The justification was called change through trade — a theory for which there was no historical evidence. As late as October 2021, Merkel declared there were no signs that Russia was using gas as a means of pressure. A few months later, in February 2022, precisely this dependency was the country's greatest strategic vulnerability; Nord Stream 2 was halted and never went into operation. Here nothing can be softened. The warnings were on the table, for years, from allies. They were not overlooked but rejected.

Migration: The Witness the Sharpest Critics Avoid

Now the most uncomfortable defence witness — the one a merely polemical reckoning would rather not call at all, because its testimony disturbs. The common charge is that, after taking in around 890,000 asylum seekers in 2015, Merkel failed to organise integration. Measured against the data, this charge is false.

The Institute for Employment Research showed in 2024: 64 percent of those who arrived in 2015 were employed, against 70 percent in the general population; including the self-employed, the employment rate is around 70 percent. Nine of ten of these jobs were subject to social-insurance contributions. The unemployment rate among people from asylum-origin countries fell from 52 percent in mid-2016 to 28 percent by the end of 2024. Whoever claims that “We can do this” failed economically is arguing against the statistics. We say so explicitly, because a watertight critique must name the exonerating figures before it goes on.

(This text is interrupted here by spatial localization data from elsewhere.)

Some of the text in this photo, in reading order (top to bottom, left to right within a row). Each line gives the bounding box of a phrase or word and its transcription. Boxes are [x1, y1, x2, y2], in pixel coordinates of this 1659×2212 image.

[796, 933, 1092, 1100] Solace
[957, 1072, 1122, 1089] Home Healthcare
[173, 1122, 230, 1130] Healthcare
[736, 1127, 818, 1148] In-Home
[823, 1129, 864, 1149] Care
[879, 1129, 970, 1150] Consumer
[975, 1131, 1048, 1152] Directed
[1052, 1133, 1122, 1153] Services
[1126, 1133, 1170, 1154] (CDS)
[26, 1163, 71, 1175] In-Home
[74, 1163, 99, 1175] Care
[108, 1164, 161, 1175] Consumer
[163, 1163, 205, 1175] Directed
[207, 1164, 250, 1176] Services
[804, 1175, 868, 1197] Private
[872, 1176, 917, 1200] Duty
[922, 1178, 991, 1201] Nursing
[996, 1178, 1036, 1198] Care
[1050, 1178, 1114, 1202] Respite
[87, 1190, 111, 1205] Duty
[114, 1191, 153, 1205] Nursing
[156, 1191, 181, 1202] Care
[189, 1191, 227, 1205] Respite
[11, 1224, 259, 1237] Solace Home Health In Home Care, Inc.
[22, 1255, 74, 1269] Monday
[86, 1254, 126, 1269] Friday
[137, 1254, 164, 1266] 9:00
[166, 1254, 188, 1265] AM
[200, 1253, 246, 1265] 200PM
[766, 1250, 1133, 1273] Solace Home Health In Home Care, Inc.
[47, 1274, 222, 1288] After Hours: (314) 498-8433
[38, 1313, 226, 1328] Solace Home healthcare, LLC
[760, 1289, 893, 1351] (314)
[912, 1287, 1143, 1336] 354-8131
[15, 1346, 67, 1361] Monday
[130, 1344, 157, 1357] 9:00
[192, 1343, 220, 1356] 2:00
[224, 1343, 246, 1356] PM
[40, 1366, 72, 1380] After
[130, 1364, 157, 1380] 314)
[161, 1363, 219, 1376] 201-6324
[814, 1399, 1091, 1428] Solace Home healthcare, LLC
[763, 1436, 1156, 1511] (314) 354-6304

And now we go on. For the question was never only economic. In the same period a structural rift opened in the political fabric: the AfD entered the Bundestag in 2017 and is the strongest party in 2026. The competence of a government is measured also by whether it carries society with it — not only the labour market. Here the real failure appears, and it is subtler than the false charge it replaces. Integration succeeded slowly — it took around nine years —, unevenly — 76 percent among men, only 35 among women — and, this the decisive finding, worst of all where right-wing mobilisation was loudest. The same studies prove the link: rejection makes harder the very integration it claims to criticise. The labour market caught up; the republic did not. Economic integration succeeded — political processing failed, and the two cannot be separated.

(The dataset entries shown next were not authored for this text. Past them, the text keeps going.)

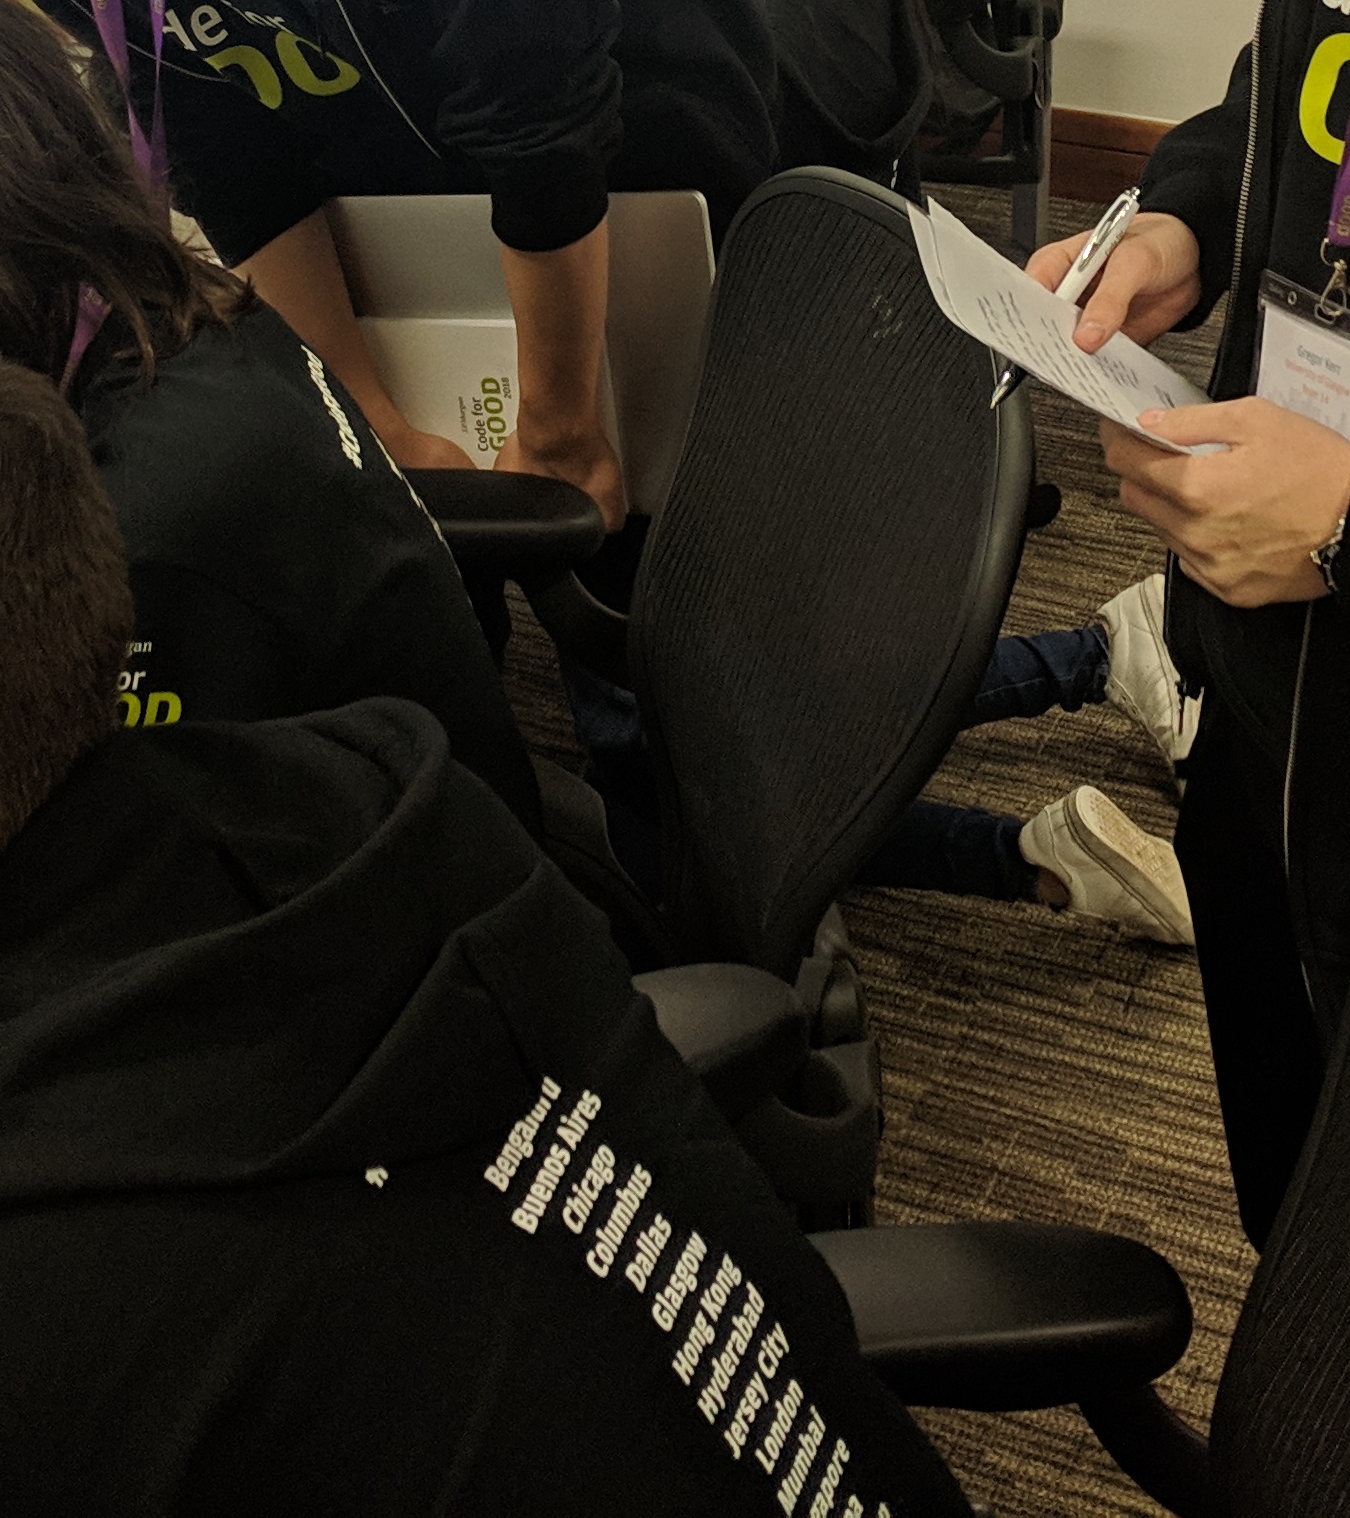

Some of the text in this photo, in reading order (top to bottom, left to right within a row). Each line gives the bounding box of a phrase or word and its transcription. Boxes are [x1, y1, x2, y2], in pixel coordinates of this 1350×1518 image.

[471, 396, 489, 452] Code for
[480, 376, 508, 452] GOOD
[501, 377, 512, 400] 2018
[116, 670, 147, 691] or
[511, 1089, 602, 1235] Buenos Aires
[562, 1144, 616, 1235] Chicago
[586, 1163, 652, 1278] Columbus
[625, 1212, 672, 1294] Dallas
[652, 1230, 707, 1332] Glasgow
[672, 1252, 742, 1386] Hong Kong
[697, 1281, 765, 1424] Hyderabad
[723, 1322, 790, 1460] Jersey City
[755, 1379, 804, 1475] London
[777, 1404, 826, 1518] Mumbai

The Standstill No One Defends

Where no defence witness remains, the pattern lies open. Germany slept through digitalisation; Merkel's remark about the internet as “uncharted territory” in 2013 became a byword, because in 2021 health offices were still reporting Covid figures by fax. The armed forces remained chronically underfunded; the NATO target of two percent of economic output, pledged after the annexation of Crimea, was not met throughout her entire tenure. The hundred-billion-euro special fund her successor proclaimed in 2022 as a “turning point” was no turning point — it was the bill for sixteen years of neglect, made out to the one who came after her.

The Verdict

Let us add up the sum. The upswing was borrowed. The black zero was financed from decay. The energy policy rested on a refuted theory. Integration succeeded economically and failed politically. The rest was standstill. Each single defence witness, taken at its word, does not exonerate — it merely moves the charge onto firmer ground. What appeared to be a balance sheet of successes turns out, on closer questioning, to be a balance sheet of deferral: to govern by postponing the decision, calmly, until someone else has to make it.

This also explains the longing of 2026 without succumbing to it. What Germans miss is not the substance of this politics — the substance was, to a large extent, the resolve not to decide. What is missed is the form: the calm, the not-jumping-at-every-stick, the composure in crisis. A bearing, not a content. That this form is absent today says more about her successors than about her.

Merkel herself has all but admitted the pattern. If it helps, she said, then she was to blame too — only to add at once that this does not describe things adequately. Precisely there lies the method: not to let the verdict land. We let it land. It is not a partisan verdict and no matter of taste. It is the sum of the deferrals — and it is now due.